Summary: TCK property jsr352.impl.runtime not sufficient
Product: jbatch Reporter: cf126330
Component: TCKAssignee: cvignola
Status: RESOLVED FIXED    
Severity: normal CC: issues, ScottKurz
Priority: P5    
Version: 1   
Target Milestone: ---   
Hardware: All   
OS: All   
Whiteboard:

Description cf126330 2013-03-20 20:04:36 UTC
jsr352.impl.runtime property may not be sufficient for tck testing.  Since we only need to get the implementation classes, I suggest changing it to batch.impl.classes, for example,

batch.impl.classes=$HOME/foo/lib/classes:$HOME/foo/lib/foo.jar:$HOME/foo/lib/batch-api.jar

The current ant run target only takes impl classes from ${jsr352.impl.runtime}/**/*.jar, but some implementation may keep classes in a directory, not jar, or may not have every jar under one single directory.
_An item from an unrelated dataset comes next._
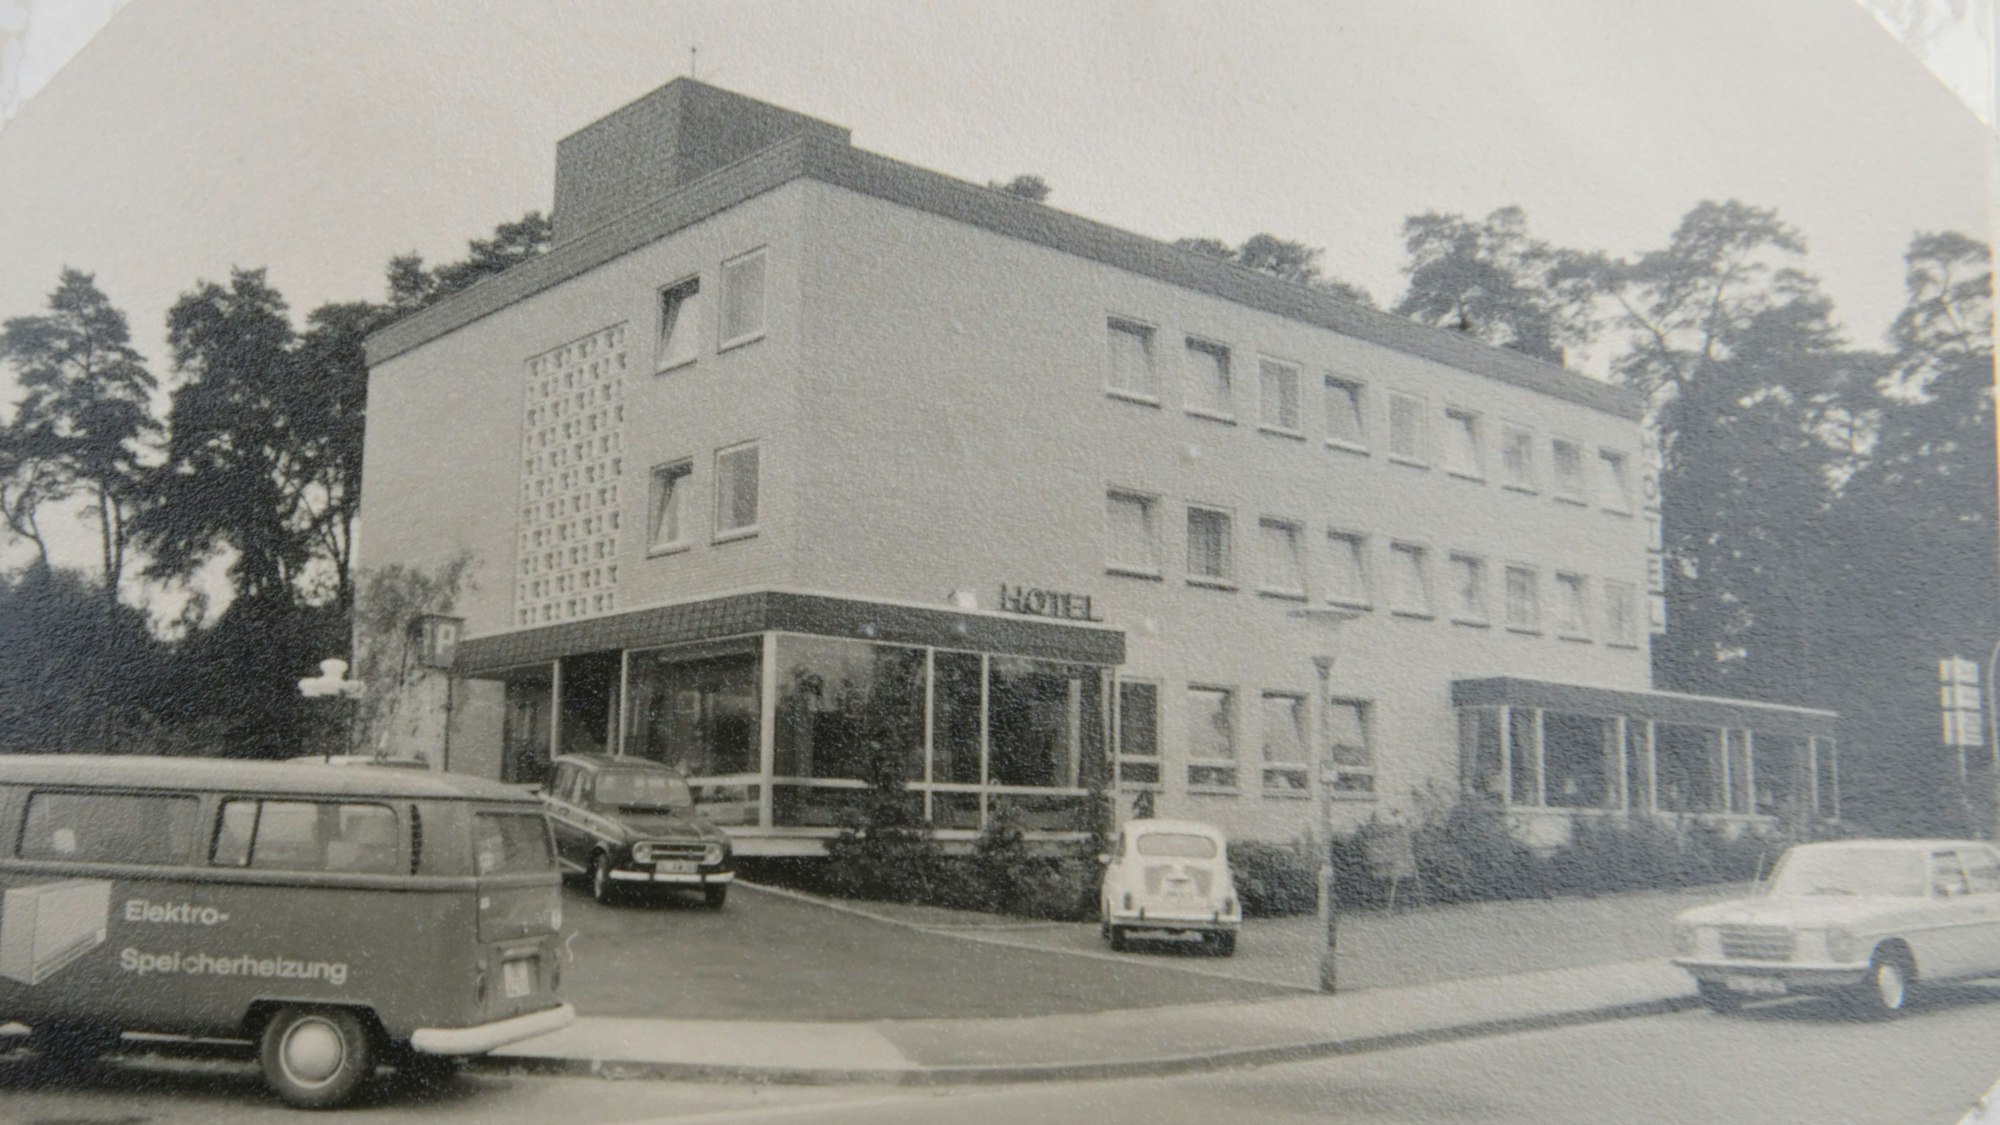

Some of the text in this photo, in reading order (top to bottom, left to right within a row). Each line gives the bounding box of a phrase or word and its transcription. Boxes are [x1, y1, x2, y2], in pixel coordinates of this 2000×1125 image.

[1001, 583, 1103, 622] HOTEL
[124, 900, 230, 925] Elektro-
[120, 948, 347, 984] Speicherheizung
We may also want to add a property for passing testing jvm options.
Comment 1 ScottKurz 2013-03-20 20:34:01 UTC
We'll try to look at this type of enhancement, though we should probably prioritize areas where our coverage of the spec needs improvement.

I must admit I'm not familiar with what if any rules exist about modifying buildfiles in order to run the TCK, but I'm hoping, for example, that if you needed to make such a change it will still count as an official run.
Comment 2 cf126330 2013-03-21 02:33:46 UTC
w.r.t user properties, the common practice in TCKs is to keep them in a properties file so as to avoid mixing up with logics in build files.  Users should not need to touch build.xml files.  This is also how CTS handles it, and if we follow the same pattern, it makes it easier to integrate it into CTS later.

In addition to batch.impl.classes, we also need a property to pass jvm options to testng, such as -DjobOperator.sleep.time, debug options, etc.
Comment 3 ScottKurz 2013-03-21 04:49:30 UTC
I agree that's a better way to do it.. and actually, I think we might have a bit more time on the SE TCK, especially the automation around the TCK... so I think we can fix this.

BTW, our latest drop includes an exposure of all of our "sleep times" via front-end JVM system property.   

This enables someone who is failing a test because something is running "too slow" (or too fast) to try a different sleep value without recompile.    It seemed that to test this type of async function this was an acceptable design tradeoff.